What this task involves: Make an exact copy of all the entries below, with the pictures left out.

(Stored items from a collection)
******************************

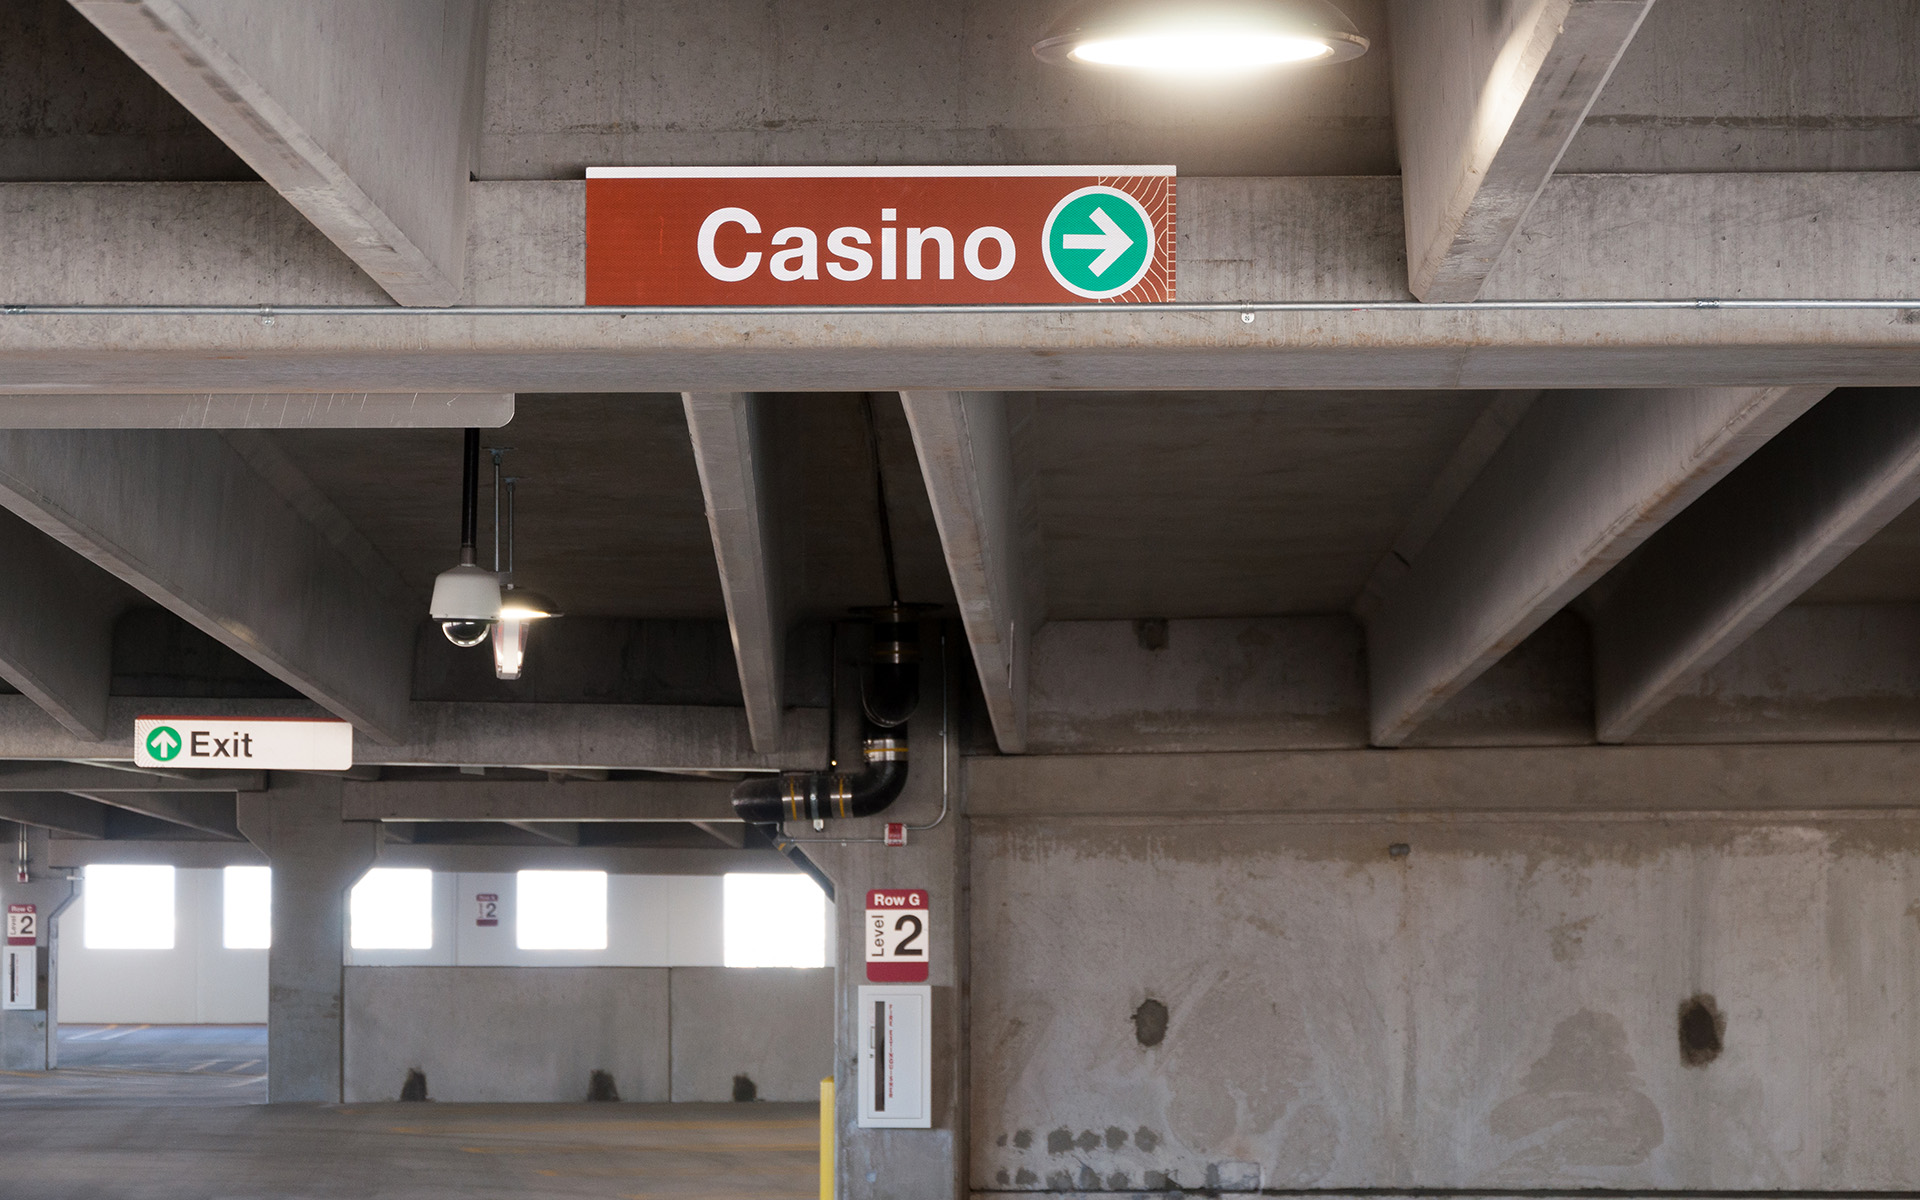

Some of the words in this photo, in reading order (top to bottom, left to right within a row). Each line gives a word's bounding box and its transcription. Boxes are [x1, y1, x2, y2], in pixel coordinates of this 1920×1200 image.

[697, 207, 1016, 282] Casino
[190, 731, 253, 758] Exit
[486, 902, 497, 918] 2
[874, 893, 905, 906] Row
[909, 893, 920, 906] G
[20, 915, 33, 934] 2
[871, 915, 884, 957] Level
[894, 914, 923, 956] 2

******************************

Answer section:
Some of the words in this photo, in reading order (top to bottom, left to right within a row). Each line gives a word's bounding box and its transcription. Boxes are [x1, y1, x2, y2], in pixel coordinates of this 1920×1200 image.

[697, 207, 1016, 282] Casino
[190, 731, 253, 758] Exit
[486, 902, 497, 918] 2
[874, 893, 905, 906] Row
[909, 893, 920, 906] G
[20, 915, 33, 934] 2
[871, 915, 884, 957] Level
[894, 914, 923, 956] 2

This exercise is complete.